How can I argue?  I’ve not only done it, but I realized, as she spoke, that I’d been irritated by the same thing.

This does not, in my opinion, mean, “stop making puns,” it means, “be aware of the context.”  If someone is talking about something that matters to him or her, that is actually important and meaningful, or even a subject that person is interested in and believes you are too, turning it into an opportunity for humor can be rude, disrespectful, hurtful. Of course, it isn’t easy, because sometimes it can be exactly perfect in the sense of breaking the tension in an agreeable way.  That’s the thing about interactions with us monkeys: nothing is simple, nothing is easy.

But, anyway, this is something for those of us whose minds work that way to think about.

skzb

Author: skzb

I play the drum.

10 Comments

  1. Like so many people interested in science fiction/fantasy/etc., I too live for the pun.

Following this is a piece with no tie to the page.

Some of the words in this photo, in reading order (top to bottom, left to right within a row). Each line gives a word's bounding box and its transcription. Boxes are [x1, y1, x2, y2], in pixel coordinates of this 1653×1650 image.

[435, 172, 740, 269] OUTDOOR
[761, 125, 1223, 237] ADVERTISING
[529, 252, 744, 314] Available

And yes, I have to restrain myself sometimes.

    It’s all about how you’re presenting yourself as a listener. Someone will share something, and out will come the pun; the focus upon the form in which the speaker presents their thoughts. What this can signal (rightly or wrongly) is “I don’t care about the content or the context, only the form”, which can then be interpreted as not finding the content important enough to interact with. And it’s the content which the original speaker is offering in the hope that we will find it valuable. In more extreme cases it comes across as “what you said is less important than my clever response because it’s all about me”. And yeah, I’ve hurt folks like this. I also know that when people do that to -me-, it’s not always a good experience. Nobody likes being talked down to like that.

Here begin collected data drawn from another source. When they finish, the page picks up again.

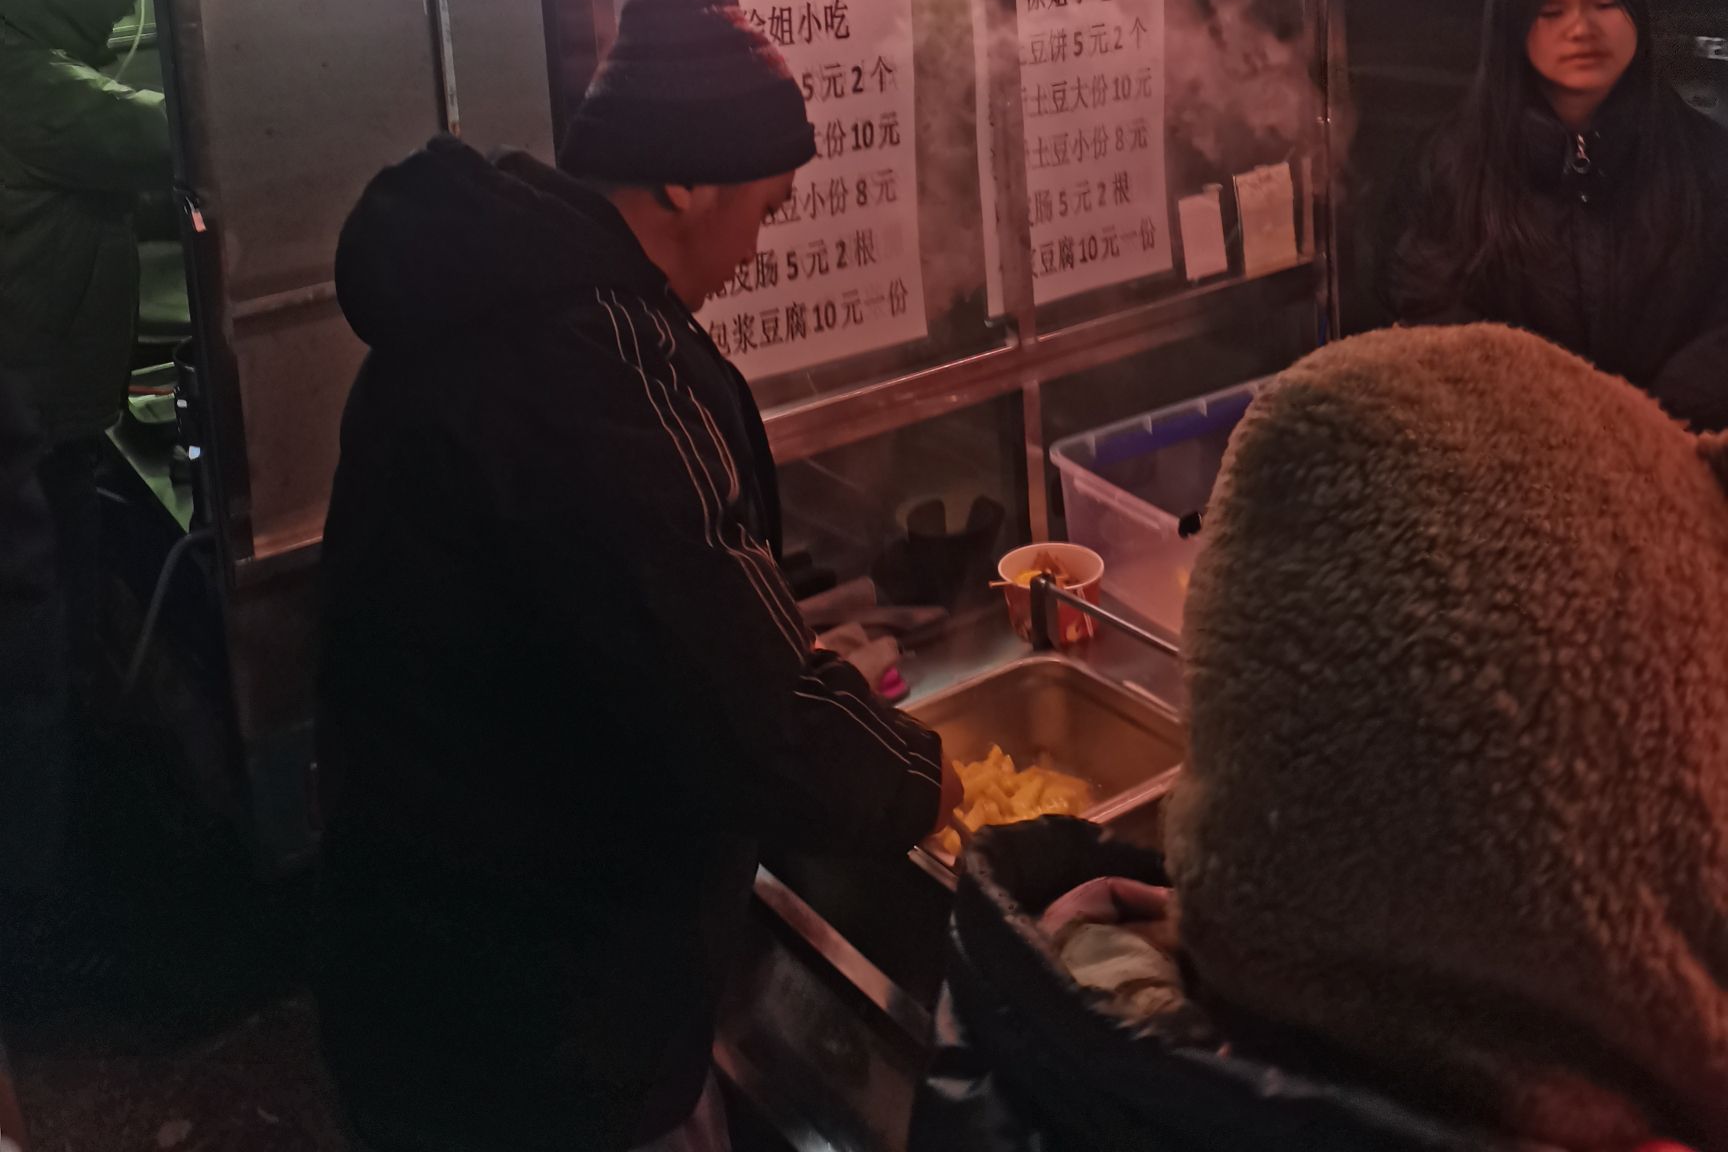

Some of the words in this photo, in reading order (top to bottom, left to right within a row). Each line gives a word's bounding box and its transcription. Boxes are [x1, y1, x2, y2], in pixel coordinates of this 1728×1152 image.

[1022, 67, 1152, 117] 土豆大份10元
[814, 111, 900, 159] 份10元
[1025, 118, 1148, 169] 土豆小份8元
[1030, 170, 1131, 227] 肠5元2根
[704, 229, 876, 302] 皮肠5元2根
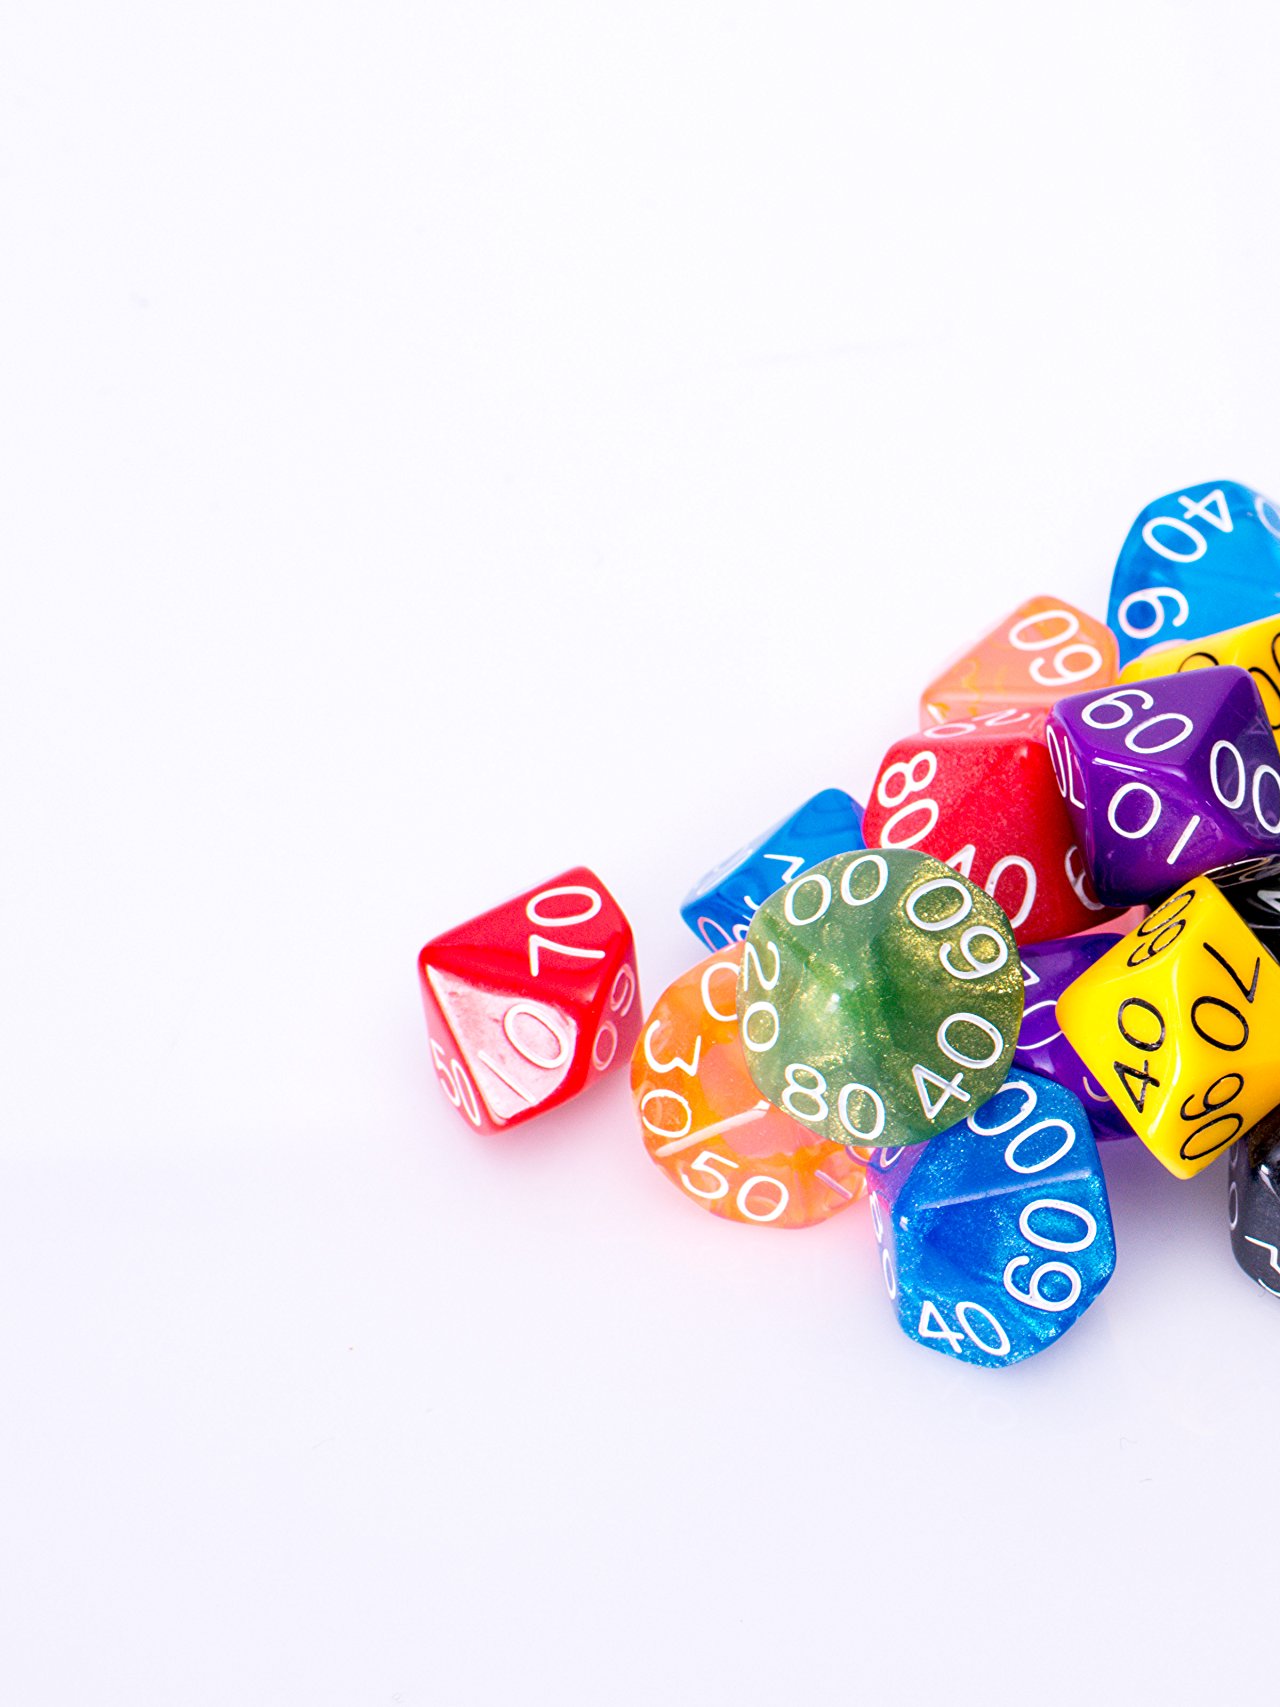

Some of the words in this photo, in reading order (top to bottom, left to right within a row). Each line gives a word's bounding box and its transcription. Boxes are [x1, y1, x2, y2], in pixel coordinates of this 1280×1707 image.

[1142, 489, 1233, 563] 40
[1009, 609, 1103, 686] 60
[1081, 689, 1194, 754] 60
[877, 749, 939, 849] 80
[1107, 782, 1201, 865] 10
[526, 885, 606, 977] 70
[784, 854, 889, 926] 00
[905, 878, 1009, 980] 60
[743, 940, 781, 1052] 20
[1190, 942, 1260, 1052] 70
[430, 1037, 482, 1127] 50
[479, 1003, 569, 1104] 10
[640, 1019, 701, 1139] 30
[911, 1012, 1004, 1119] 40
[1113, 997, 1167, 1113] 40
[781, 1062, 886, 1141] 80
[967, 1080, 1076, 1174] 00
[1179, 1072, 1245, 1161] 90
[680, 1150, 789, 1222] 50
[1002, 1199, 1097, 1313] 60
[918, 1300, 1011, 1356] 40

    This also explains why when two punsters encounter each other and recognize each other for what they are (villains!) they will be off and running. We count our successes in groans; we groom our shaggy dog stories; we gleefully fence with what we suppose to be rapier wit. This is the literary equivalent of locker-room hazing, The Dozens fought with mental thesaurus at ten paces. Like all such subculture rituals it ain’t pretty from the outside. “Are those two going to kill each other, or what?”

    Social context matters, and those of us who fancy ourselves to be wordsmiths need to be aware of that context. We may think ourselves the most eloquent humorists in the room, but to the rest of the world we’re just nerds engaging in vocabulary-fueled wanking. Or, at least, that’s what -I- am doing.

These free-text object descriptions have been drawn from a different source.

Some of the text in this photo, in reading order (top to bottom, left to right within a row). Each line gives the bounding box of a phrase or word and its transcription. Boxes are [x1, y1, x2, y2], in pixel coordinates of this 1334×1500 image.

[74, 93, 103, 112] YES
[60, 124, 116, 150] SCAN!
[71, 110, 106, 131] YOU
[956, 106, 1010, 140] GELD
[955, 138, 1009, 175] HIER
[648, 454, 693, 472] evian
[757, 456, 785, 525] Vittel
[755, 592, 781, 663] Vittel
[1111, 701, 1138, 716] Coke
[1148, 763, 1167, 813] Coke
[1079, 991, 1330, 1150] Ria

    Such cunning linguists truly deserve a licking.

  2. I am so UNBELIEVABLY guilty of this 🙁

  3. Good observation. And I didn’t make a joke.

  4. Puns are fine, correction GOOD puns are fine. Just so long as they do not disregard what the other person has or was saying. Then it becomes a matter of timing and proper respect and discretion.

    Hence the reason for so many bad puns…

  5. Aww….I have relived this conversation in my head over and over. I’ve decided that I DO like puns, I just dont like what they do to the flow of conversation….on my part. But now I’m older and wiser and I’ve come to realize the conversation is more interesting because YOU, and your puns, are in it. I miss you!

  6. skzb

    I understand completely, and I miss you too, very much. Also, “Janey”?

  7. I hate puns in conversation. I’ve punched people in the shoulder hard enough to make them stumble for puns.

    I’m OK with puns in writing, I’ve read pretty much all you have written, and I can’t remember being upset about a pun. I definitely remember a few puns I’ve really liked.

    I love puns in username, forum handles, etc. Especially bilingual ones… except that when you actually meet people face to face, and they address you by your ‘punny’ username in front of someone who speaks both languages, you start looking for a hole in the ground.

  8. “A punster follows a conversation as a shark follows a lifeboat.”